Aguirre Gabriela, Boiani Lucía, Cerecetto Hugo, Di Maio Rossanna, González Mercedes, Porcal Williams, Denicola Ana, Möller Matías, Thomson Leonor, Tórtora Verónica
Departamento de Química Orgánica, Facultad de Química-Facultad de Ciencias, Universidad de la República, Montevideo, Uruguay.
Bioorg Med Chem. 2005 Dec 1;13(23):6324-35. doi: 10.1016/j.bmc.2005.05.020. Epub 2005 Aug 22.

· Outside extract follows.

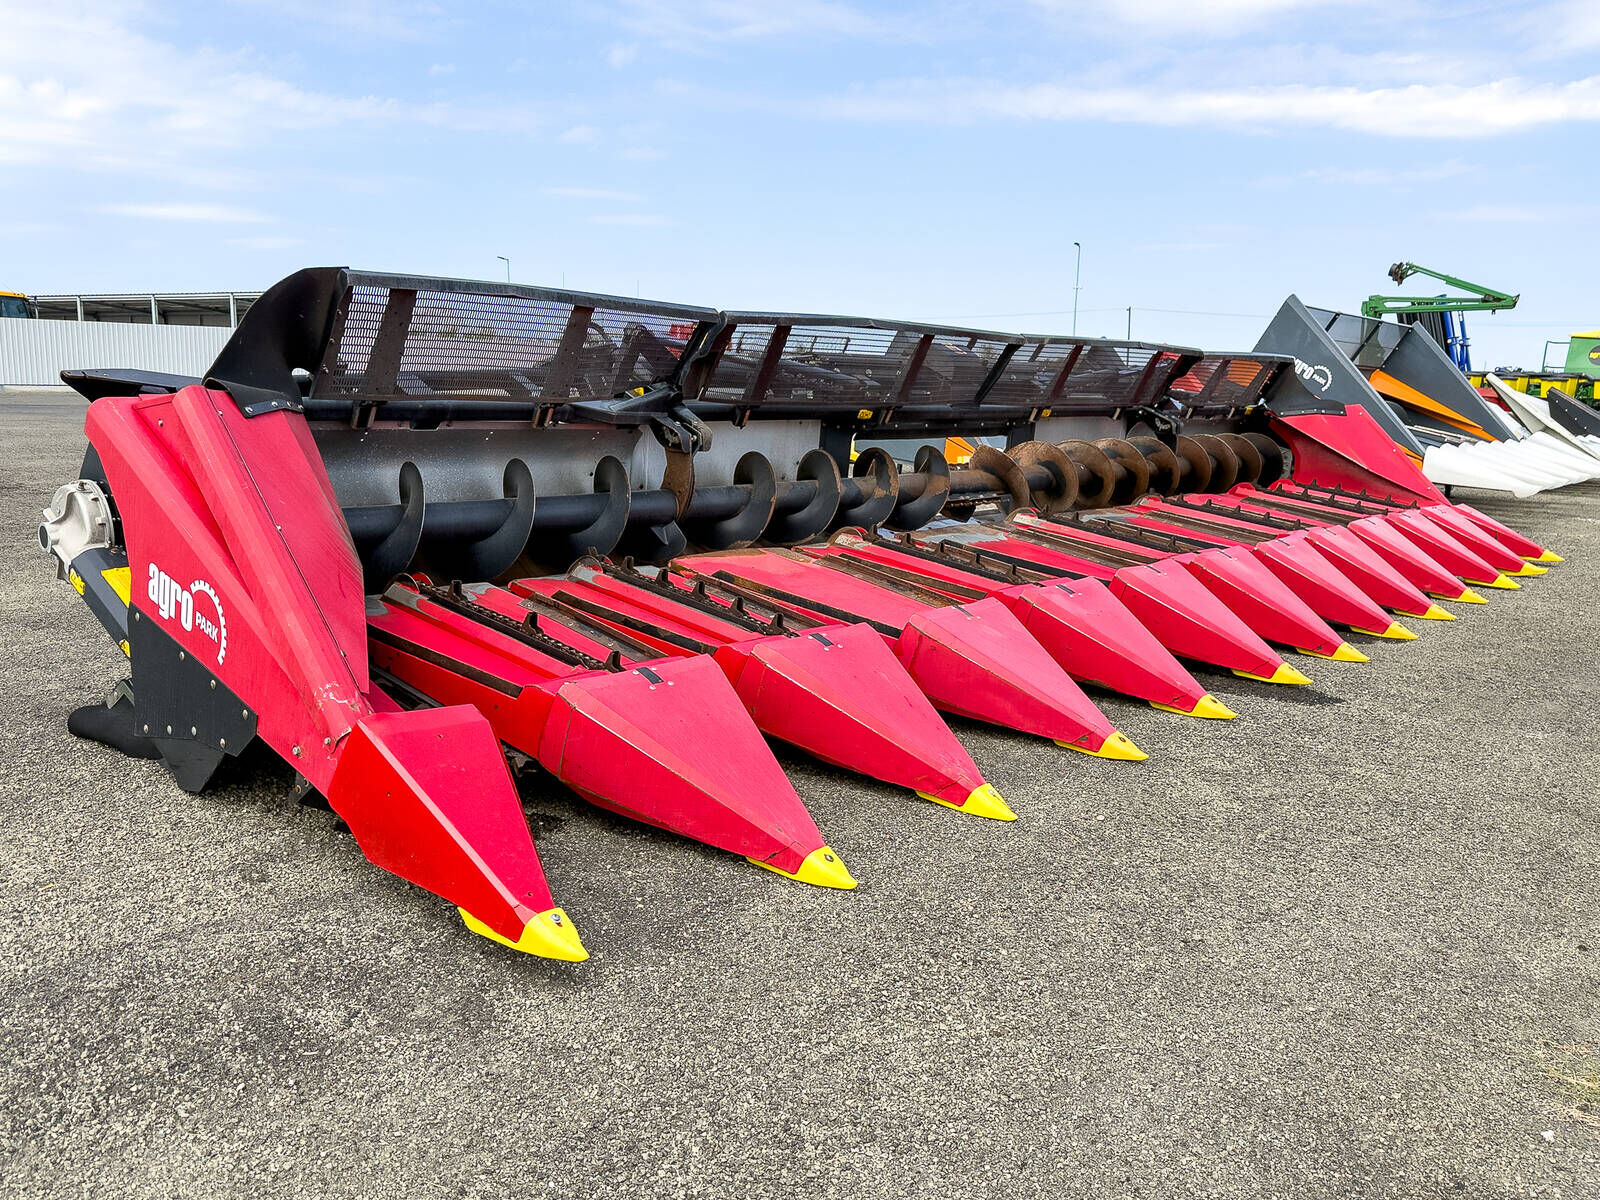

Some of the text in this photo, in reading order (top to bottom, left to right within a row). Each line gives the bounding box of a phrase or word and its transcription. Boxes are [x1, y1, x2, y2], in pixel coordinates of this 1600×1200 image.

The results of a study on the use of Hansch's series design, cluster methodology, for the generation of new benzo[1,2-c]1,2,5-oxadiazole N-oxide derivatives as antitrypanosomal compounds are described. In vitro activity of these compounds was tested against Tulahuen 2 strain of Trypanosoma cruzi. Clearly, the Hansch methodology allowed identifying two cluster-substituents suitable for further structural modifications. The most effective drugs, derivatives 11, 18, and 21, with 50% inhibitory concentration (IC(50)) of the same order as that of the reference drug, represent an excellent structural point of chemical modifications for the design of future drugs. Preliminary results from the study of the mechanism of action of these benzofuroxans point to perturbation of the mitochondrial electron chain, inhibiting parasite respiration.
本文描述了一项关于使用汉斯ch系列设计、聚类方法来生成新型苯并[1,2-c]1,2,5-恶二唑N-氧化物衍生物作为抗锥虫化合物的研究结果。测试了这些化合物对克氏锥虫图拉洪2株的体外活性。显然,汉斯ch方法能够识别出两个适合进一步结构修饰的聚类取代基。最有效的药物,即衍生物11、18和21,其50%抑制浓度(IC(50))与参考药物相当,是未来药物设计中化学修饰的极佳结构点。对这些苯并呋咱作用机制的初步研究结果表明,其干扰线粒体电子链,抑制寄生虫呼吸。